Я удивился осведомленности отца: видно, впрок пошли ему поездки к дяде Игнату!
Косов вкрадчиво спросил:
— Так, по-твоему, выходит, Филипп, у кого двести ульев — тоже будут отбирать?
Отец ответил загадочно:
— Не знаю, Егор Васильевич, про пчел ничего не слышно. — Пчела — скотинка вольная, ее могут и не тронуть, она сама к кому надо улетит.
Пастухов добавил в своем молитвенно-благочестивом духе:
— Пчелы — божьи. Они Зосимой-старцем от всякого зла оберегаются. И вообче никто ни у кого ничего отбирать не будет. Как жили — так и будем жить. Сколько кому земли богом дадено — тот ей и будет хозяин.
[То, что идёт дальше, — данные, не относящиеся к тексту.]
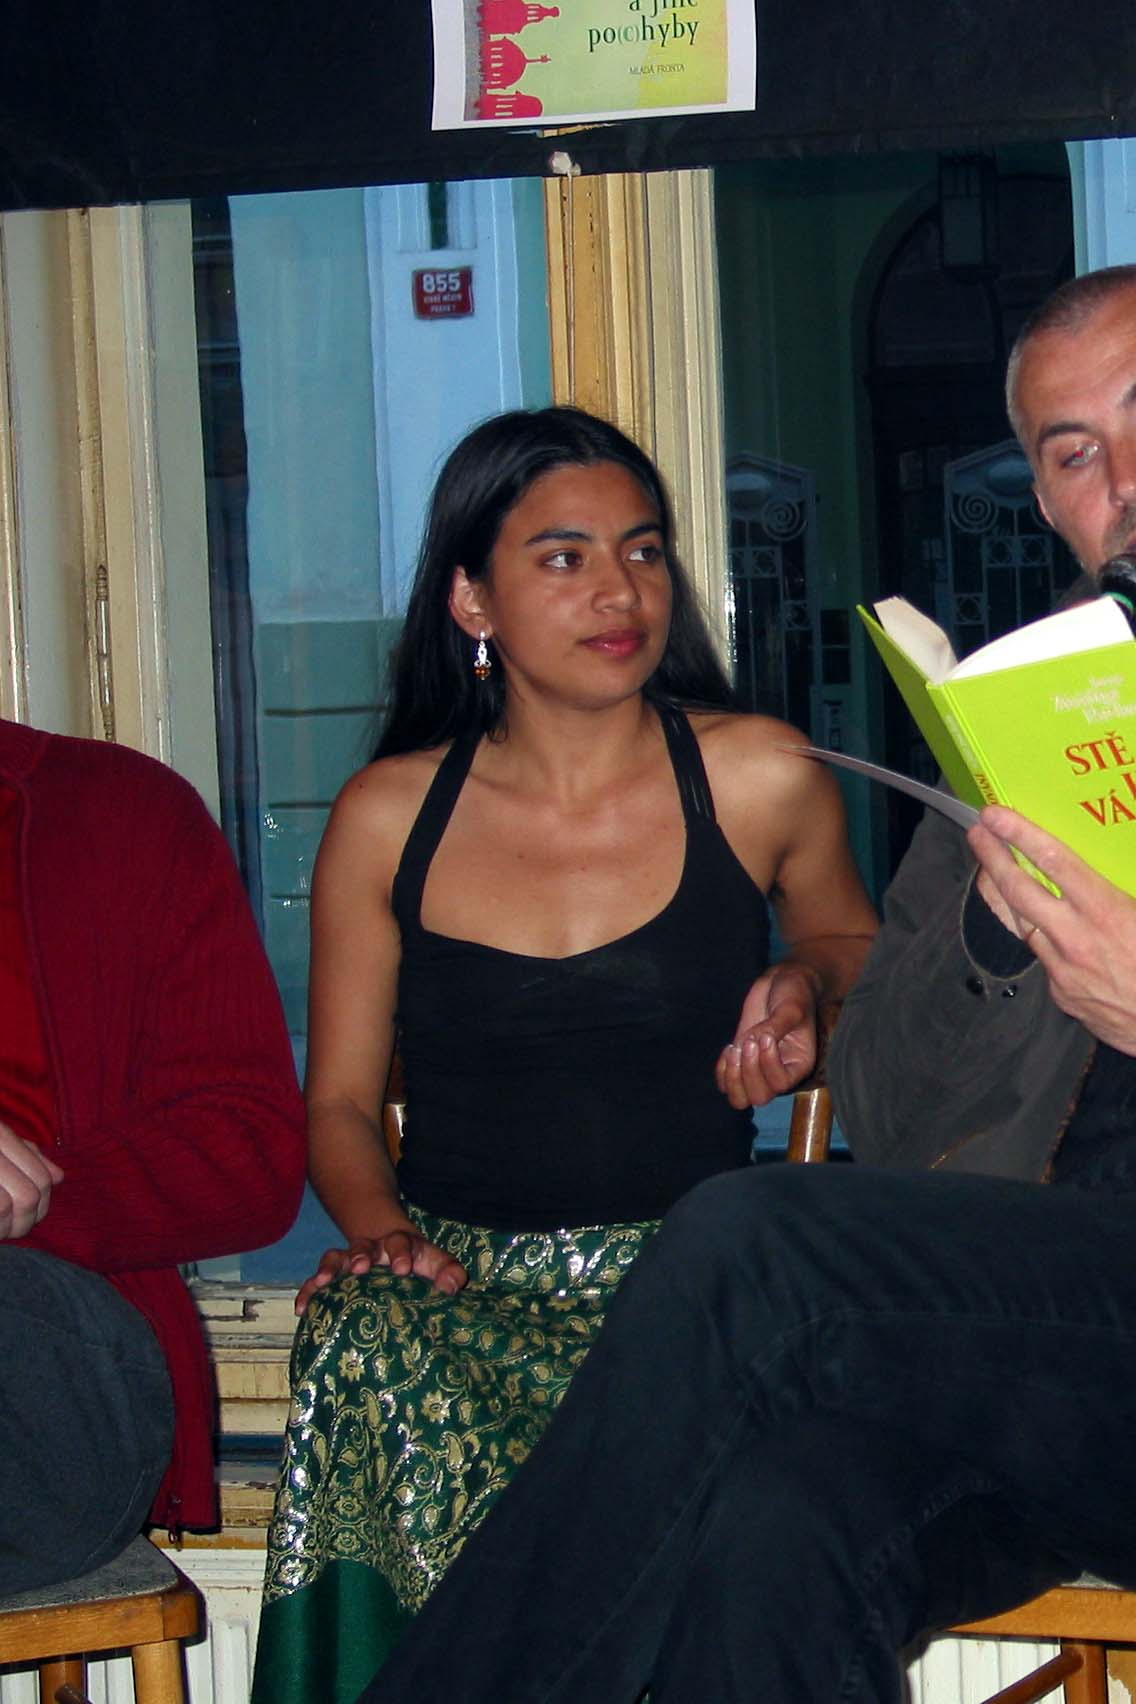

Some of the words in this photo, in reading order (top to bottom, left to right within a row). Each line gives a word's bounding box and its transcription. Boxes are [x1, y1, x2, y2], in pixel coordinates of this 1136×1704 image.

[588, 12, 699, 52] po(c)hyby
[422, 272, 460, 293] 855
[1065, 731, 1135, 776] STĚ
— Даже если одному тыщу десятин, а другому ничего?.. — не удержался от колкости отец. — Хорош же ваш бог!.. А где же правда?
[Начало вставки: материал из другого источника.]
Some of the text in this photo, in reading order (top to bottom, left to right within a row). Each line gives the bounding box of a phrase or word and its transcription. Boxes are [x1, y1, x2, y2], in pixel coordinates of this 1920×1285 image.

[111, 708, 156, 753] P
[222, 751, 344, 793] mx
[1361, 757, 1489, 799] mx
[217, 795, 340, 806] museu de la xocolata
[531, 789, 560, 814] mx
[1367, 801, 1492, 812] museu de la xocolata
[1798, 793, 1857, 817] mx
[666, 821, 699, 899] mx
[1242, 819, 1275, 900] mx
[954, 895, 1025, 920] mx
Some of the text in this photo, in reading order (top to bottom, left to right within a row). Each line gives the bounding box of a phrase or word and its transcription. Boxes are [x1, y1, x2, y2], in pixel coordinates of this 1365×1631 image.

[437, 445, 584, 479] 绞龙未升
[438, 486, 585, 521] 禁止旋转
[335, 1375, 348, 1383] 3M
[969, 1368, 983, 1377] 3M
Натянулось недоброе, чреватое непредвиденной вспышкой молчание. Его первым нарушил Пастухов:
— Правда там, где бог, сусед.
— То-то вы ее кроите, как хотите, — еще тише, но злее вставил отец. — Поклоны в церкви кладете, свечи толщиной в руку ставите, а сами норовите ближнего обобрать. Лицемерие все это. И чего вы все божьим именем прикрываетесь?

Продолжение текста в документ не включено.